I knew what was next – chemotherapy – but I did not understand what that meant. What is chemotherapy? What color is it? How will it make me feel? I called my brother. I started sobbing. I could barely talk. My world was shattered. But, I was not going to give up.
My oncologist told me that the treatments might make me sterile. So, I went to a cryogenics laboratory to bank sperm. After that, it was time to start chemotherapy. My chemotherapy recipe was known as BEP: Bleomycin, Etoposide (aka: VP-16), and CisPlatin. My regimen included three cycles of chemotherapy. Each cycle lasted three weeks. One cycle included: Week 1: Monday, Tuesday, Wednesday, Thursday, Friday – 8 hours of chemotherapy each day Week 2: Wednesday – 2 hours of chemotherapy Week 3: Wednesday – 2 hours of chemotherapy.
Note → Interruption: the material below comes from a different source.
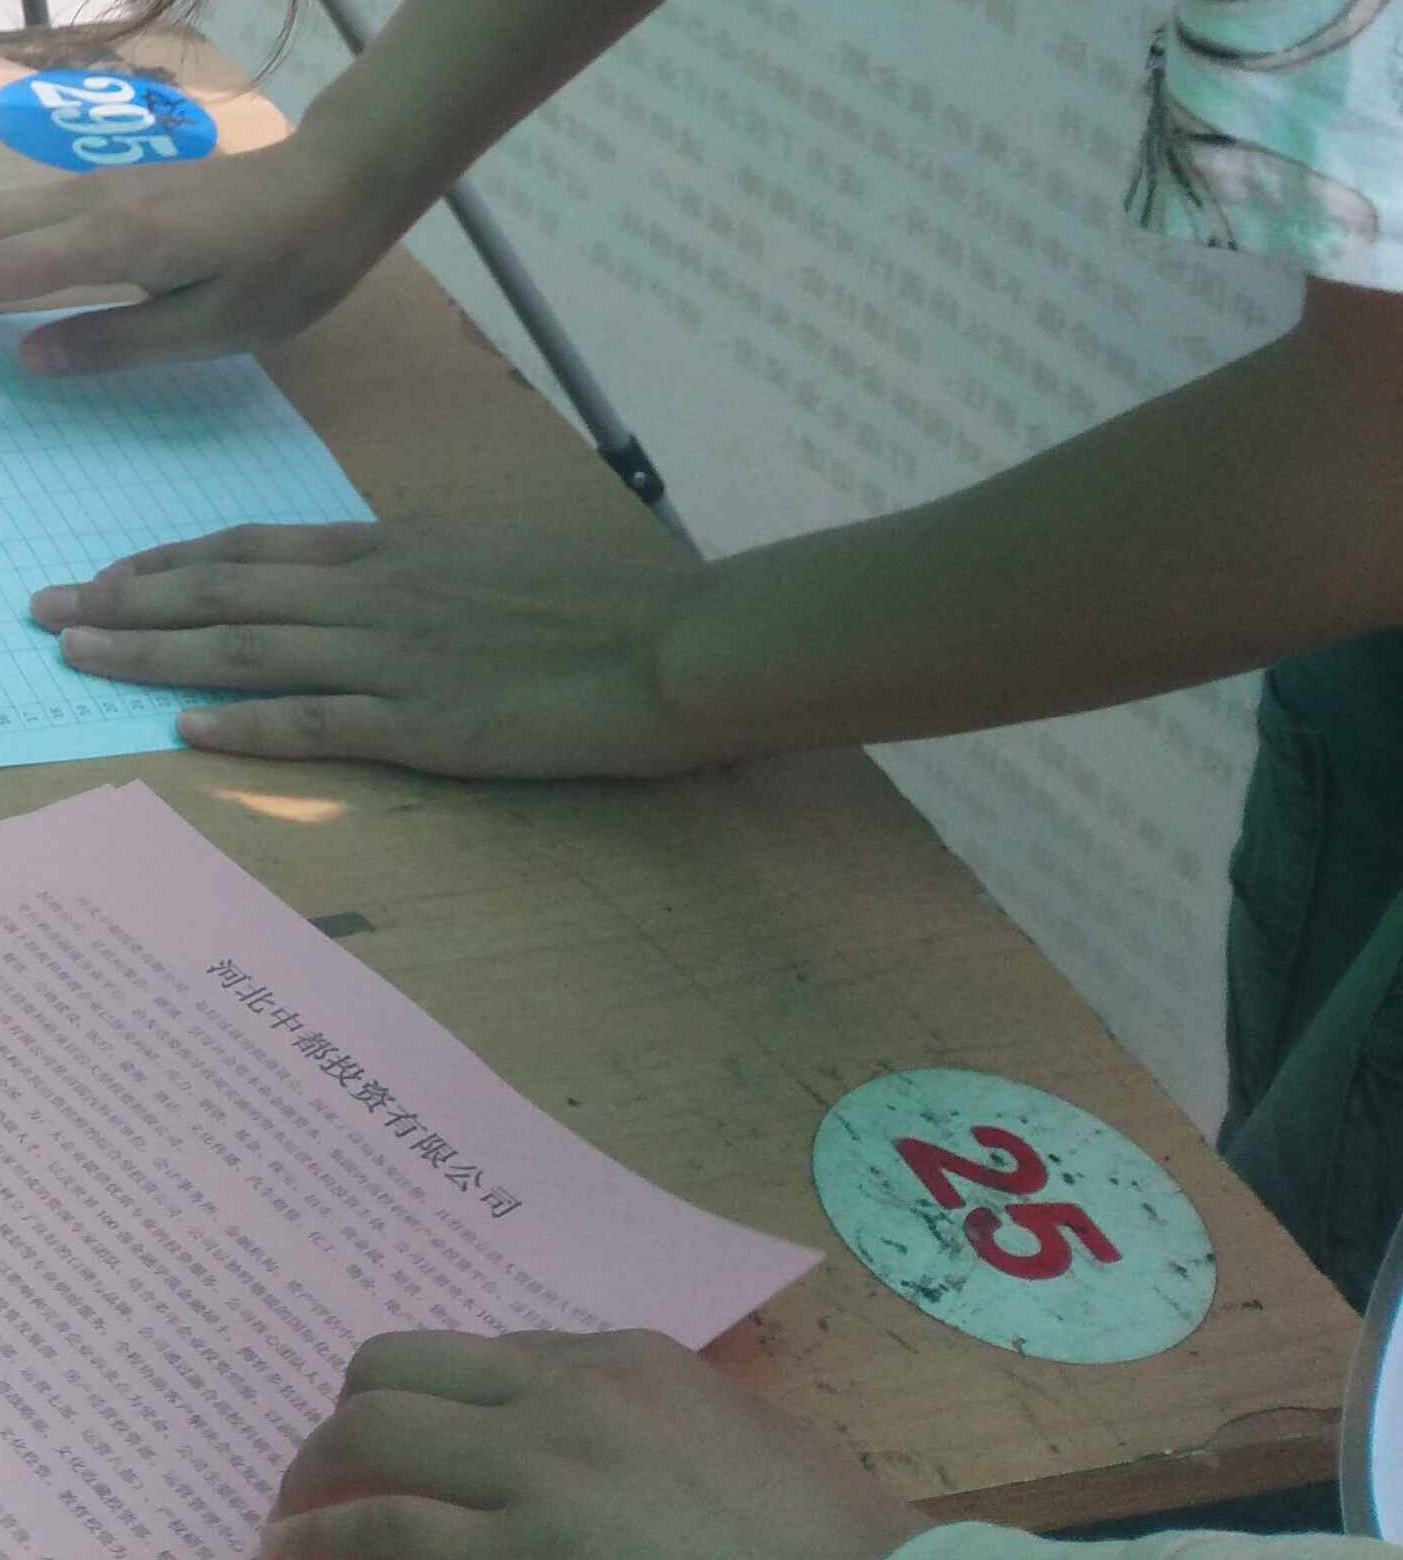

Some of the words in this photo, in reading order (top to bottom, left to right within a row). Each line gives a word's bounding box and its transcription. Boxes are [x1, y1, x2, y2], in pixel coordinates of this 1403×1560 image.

[30, 76, 178, 164] 295
[206, 958, 523, 1218] 河北中都投资有限公司
[895, 1125, 1123, 1279] 25
The treatment weakened my body and wiped out most of my white blood cells. In fact, I was in such bad shape, the doctors were forced to delay my chemotherapy while my body recovered between cycles. In addition, the chemotherapy caused many side effects: throat sores, mouth sores, skin rashes, dry skin, cystic acne, extreme fatigue, hair loss, numbness in my fingers and toes, and partial hearing loss. But the most damaging side effect was a blood clot that developed in my left arm. The clot formed around my port, a medical implant that was an access point for my chemotherapy. The doctors had to remove my port, pull out most of the blood clot, and then pump me with blood thinners to break up the rest. With all the side effects and delays, the chemotherapy lasted for five months.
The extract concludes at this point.